Crows caw unseen in the sticks of woods, songbirds gone south,
my Saint Anthony statue glows in the dark so I can find him
and somewhere in the broken day of London my sister

fastens her mouth on coffee on a break from management
at the children’s hospital, tosses her tuna-mayo
to doves in the stone park. Trout fattened on our brother’s

ashes in a small lake in the Poconos blow their clear-
streamed cantus firmus* through the waters, the gills’
respiratory surface a layer one cell thick.

Unsure of a precise destination, a walker stops to ask directions
to the city center.

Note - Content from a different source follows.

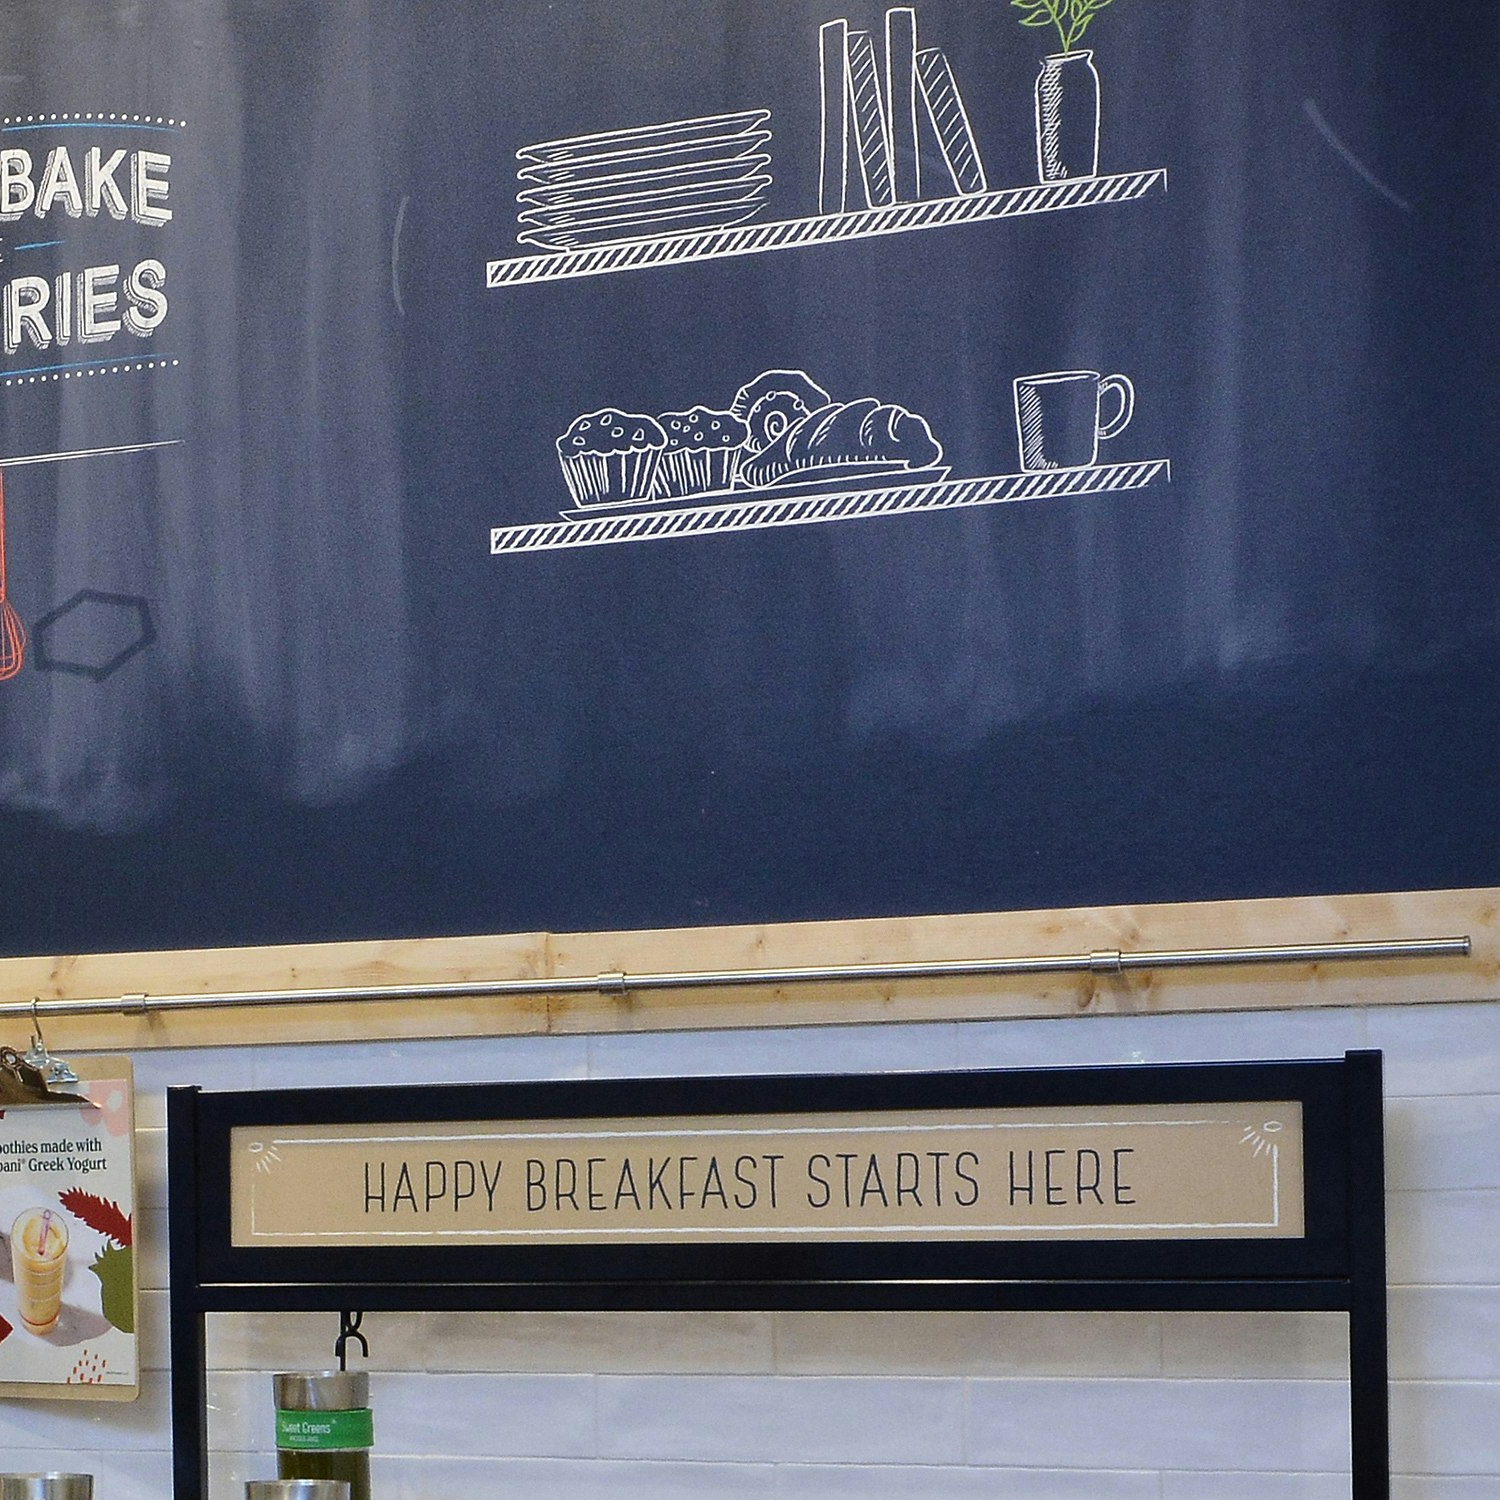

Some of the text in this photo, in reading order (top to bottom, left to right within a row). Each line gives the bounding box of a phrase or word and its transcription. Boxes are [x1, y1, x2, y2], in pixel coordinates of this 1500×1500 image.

A black cab speeds toward Admissions.
My sister’s limbs coordinate, to point in the direction

the man came from. Not by that estuary but near a river’s
source, I live in a town of frank and friendly talk
where no one knew my brother. The planet effervesces

us; few live where we were born. Amid the northern quiet
of an inland stateside college town before the students
wake, I see children playing what we’d be when we grew up.

Blue-eyed and red-tempered, Tommy said a firetruck.
He was four or five, the decade Dick and Jane. Fireman
his siblings yelled, fireman. So he said he’d be a statue.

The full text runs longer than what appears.